Wriedt was elected to parliament at the 1967 Senate election, to a six-year term beginning on 1 July 1968. He was re-elected at the 1974 and 1975 elections, which followed double dissolutions.

===Whitlam government===
Following the ALP's victory at the 1972 election, Wriedt was elected to cabinet and appointed Minister for Primary Industry by Prime Minister Gough Whitlam, a portfolio with which he had no previous association. In 1974 his department was abolished as part of a departmental restructure and renamed the Department of Agriculture. Wriedt oversaw the introduction of a floor price for export wool, the removal of federal subsidies for butter, and an emphasis on diversification and the expansion of markets in Asia and the Middle East. The government's decision to remove the superphosphate bounty in 1974 – which Whitlam supported but Wriedt opposed – proved unpopular with farmers.

In February 1975, Wriedt was elected to replace Lionel Murphy as his party's Senate leader and Leader of the Government in the Senate. His status in the party had risen through his role in responding to ministerial questions in the Senate, including as representative of the Treasurer where he responded to questions around Rex Connor and the Loans Affair. In October 1975 he was appointed to replace Connor as Minister for Minerals Energy. As Senate leader, Wriedt was closely involved in the 1975 constitutional crisis, where the ALP lost its Senate majority and the opposition chose to block supply. He was not immediately made aware of Whitlam's dismissal on 11 November 1975 and inadvertently allowed the new Fraser government to pass supply, thereby meeting one of Governor-General John Kerr's conditions for the granting of a double dissolution. The ALP failed to regain government at the resulting election.

===Opposition===
Wriedt became "increasingly disenchanted with Whitlam" and supported Frank Crean's unsuccessful candidacy in the 1976 ALP leadership spill. He was nonetheless re-elected as Senate leader over Whitlam's preferred candidate, Jim McClelland, and acted as leader of the opposition in mid-1976 when both Whitlam and his deputy Tom Uren were overseas. Clyde Cameron later recalled that Wriedt was ambitious to transfer to the House of Representatives and sought to build up a public profile to replace Whitlam as leader.
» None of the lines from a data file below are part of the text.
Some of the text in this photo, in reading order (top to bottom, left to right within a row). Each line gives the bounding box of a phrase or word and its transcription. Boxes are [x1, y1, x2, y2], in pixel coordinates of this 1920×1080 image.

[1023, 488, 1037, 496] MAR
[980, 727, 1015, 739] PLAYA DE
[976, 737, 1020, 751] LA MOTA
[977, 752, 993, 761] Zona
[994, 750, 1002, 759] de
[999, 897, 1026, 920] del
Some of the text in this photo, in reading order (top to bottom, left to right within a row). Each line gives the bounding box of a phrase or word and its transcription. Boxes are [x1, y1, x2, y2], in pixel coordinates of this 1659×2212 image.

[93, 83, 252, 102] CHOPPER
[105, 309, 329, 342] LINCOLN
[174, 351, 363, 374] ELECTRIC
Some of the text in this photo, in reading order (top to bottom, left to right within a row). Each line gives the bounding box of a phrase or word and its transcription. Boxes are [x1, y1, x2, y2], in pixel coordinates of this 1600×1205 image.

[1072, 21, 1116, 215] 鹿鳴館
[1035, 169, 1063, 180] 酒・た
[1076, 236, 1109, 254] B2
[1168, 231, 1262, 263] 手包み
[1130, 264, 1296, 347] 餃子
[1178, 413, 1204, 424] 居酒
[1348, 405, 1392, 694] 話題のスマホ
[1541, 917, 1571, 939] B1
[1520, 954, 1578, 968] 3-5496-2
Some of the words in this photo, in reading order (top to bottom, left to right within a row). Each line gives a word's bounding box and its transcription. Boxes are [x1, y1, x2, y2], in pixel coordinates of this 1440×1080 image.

In Whitlam's shadow cabinet, Wriedt served briefly as spokesman on minerals and energy and then as spokesman on education (1976–1977). After Bill Hayden won the 1977 leadership election he was made spokesman on foreign affairs, his preferred portfolio. In June 1979, Wriedt announced that he would resign from the Senate and contest the House of Representatives seat of Denison at the 1980 election, seeking to defeat incumbent Liberal government minister Michael Hodgman. He failed to defeat Hodgman despite a small swing to Labor.

==State politics==
At the 1982 Tasmanian state election, Wriedt won a seat in the Tasmanian House of Assembly representing Franklin. He was Leader of the Opposition from 1982 to 1986. At the 1986 state election, Wriedt was unable to defeat the incumbent Liberal government of Robin Gray; Labor actually suffered a small swing. He resigned as leader after the election, the first state Labor leader in more than half a century to have never served as Premier of Tasmania. He was a minister from 1989 to 1990 in the minority government led by Michael Field. In October 1990 he retired from parliament.

==Personal life==
In 1959, Wriedt married Helga Burger, a German immigrant. They had two daughters, including Paula Wriedt who was also a Tasmanian state MP.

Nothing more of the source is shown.